Hartford’s Jewish community may lose an important part of its history.

Deborah Chapel in Zion Hill Cemetery may become a victim of demolition by neglect

The Deborah Chapel, a mortuary in the Congregation Beth Israel section of Zion Hill Cemetery along Ward Street, has been marked for demolition.

At the building’s dedication in October 1886, Dr. Nathan Mayer — a surgeon for the Union during the Civil War and the son of Beth Israel’s first rabbi, Isaac Mayer — was a noted speaker. The Hartford Daily Courant reported that in his speech, he said that to give:

honor to the dead [is] the highest sentiment known to man and the most unselfish. From them, there can be no return, no thanks. Our actions for them are simply the overflow of our great love which does not cease with life, which reaches beyond earth and on the wings of hope carries us to where our dear ones dwell.

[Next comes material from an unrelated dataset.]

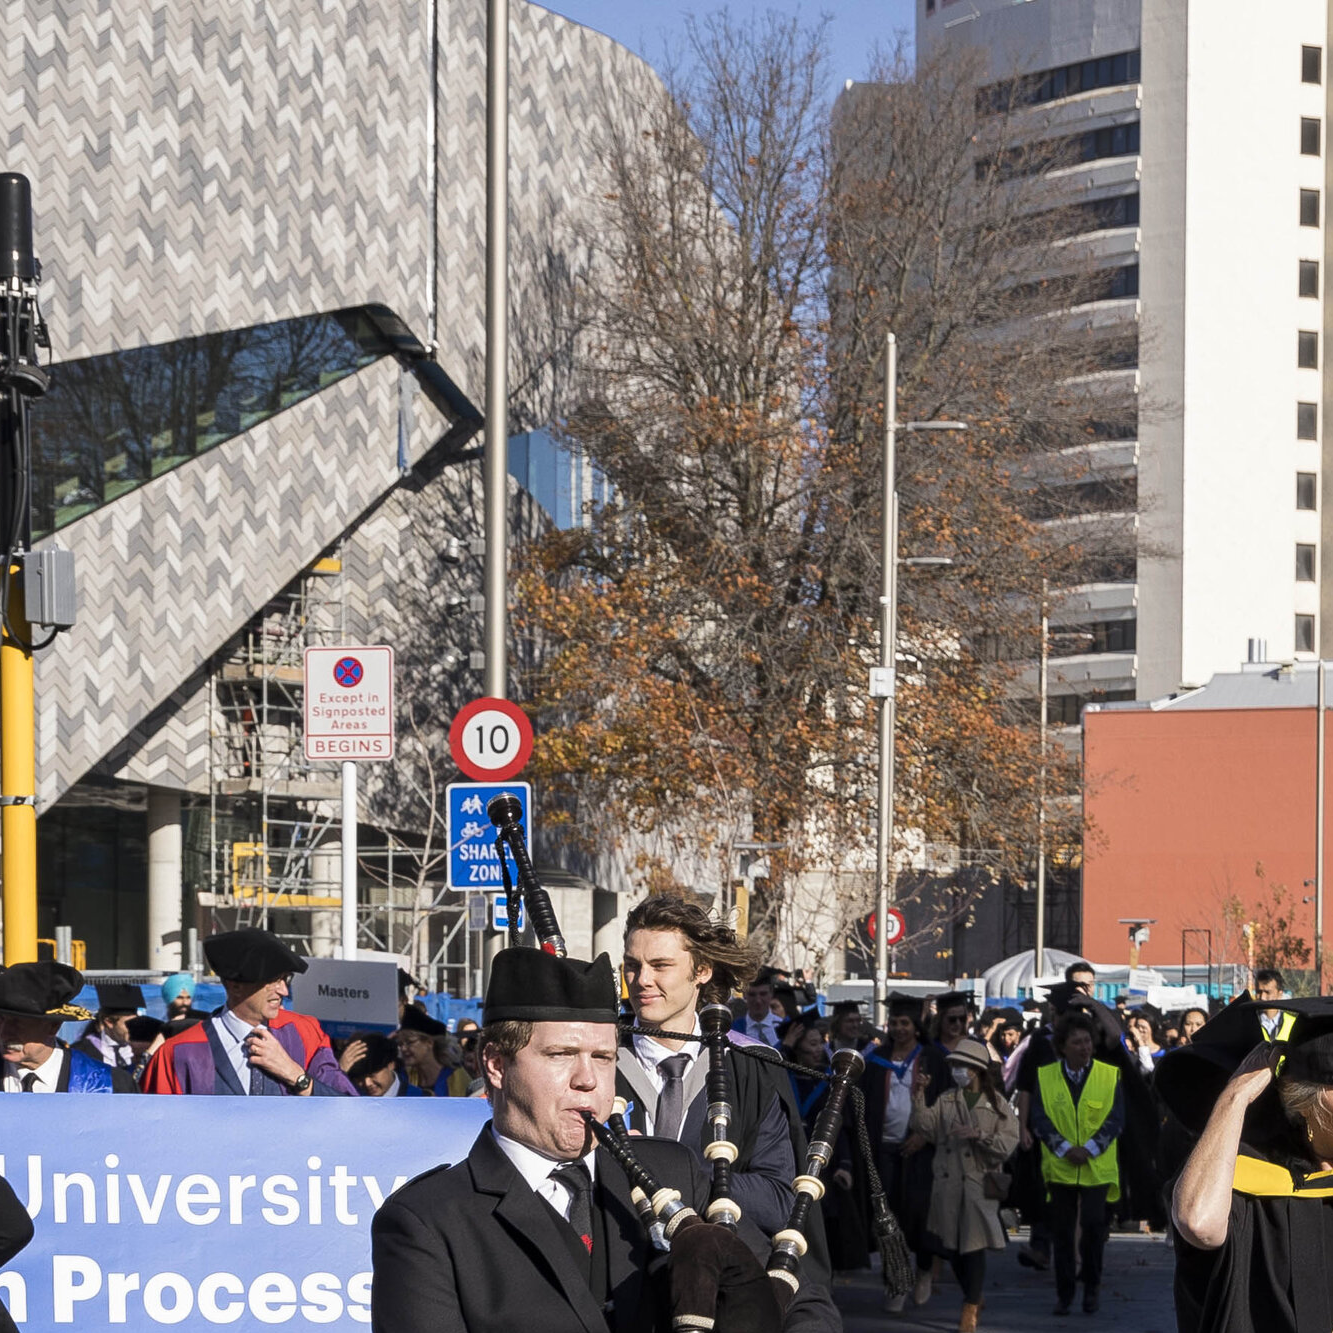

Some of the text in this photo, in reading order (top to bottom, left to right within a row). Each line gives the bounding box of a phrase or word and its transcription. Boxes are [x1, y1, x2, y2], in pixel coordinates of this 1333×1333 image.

Beautiful endangered building in Frog Hollow

The mortuary chapel was constructed just ten years after the congregation’s synagogue on Charter Oak Avenue. Though the congregation formed in 1843, when Jews were first legally permitted to worship openly outside of private homes, it would still be another four years before they would hold their first meeting. Of those in attendance was Gershon Fox, the man who put the “G” in G. Fox. Within ten years of establishing itself as a congregation, the Deborah Society was created. The women’s group performed social functions, like hosting masquerade balls, and supported various causes, but it also served as a burial society. In this role, Society women would prepare bodies by washing them, then placing those bodies in shrouds that had been sewn by the ladies. This took place in the Deborah Chapel at Zion Hill, which was built thanks to the money raised by these women.

Congregation Beth Israel's Deborah Chapel 1886

The loss of this building, then, would be more than just a loss to the Jewish community — though that would be enough. It would mean a loss of Jewish women’s history, Civil War history, and the history of the Frog Hollow neighborhood.

If you think this historic building is worth preserving, you can let its current owners know that, and you can reach out to the City of Hartford and the Friends of Zion Hill Cemetery.

Deborah Chapel cornerstone

DISCLAIMER: I love history but have no time for nostalgia. If something is important, we should snap up the opportunity to preserve it, rather than sit on our hands and then bemoan its loss decades and decades later.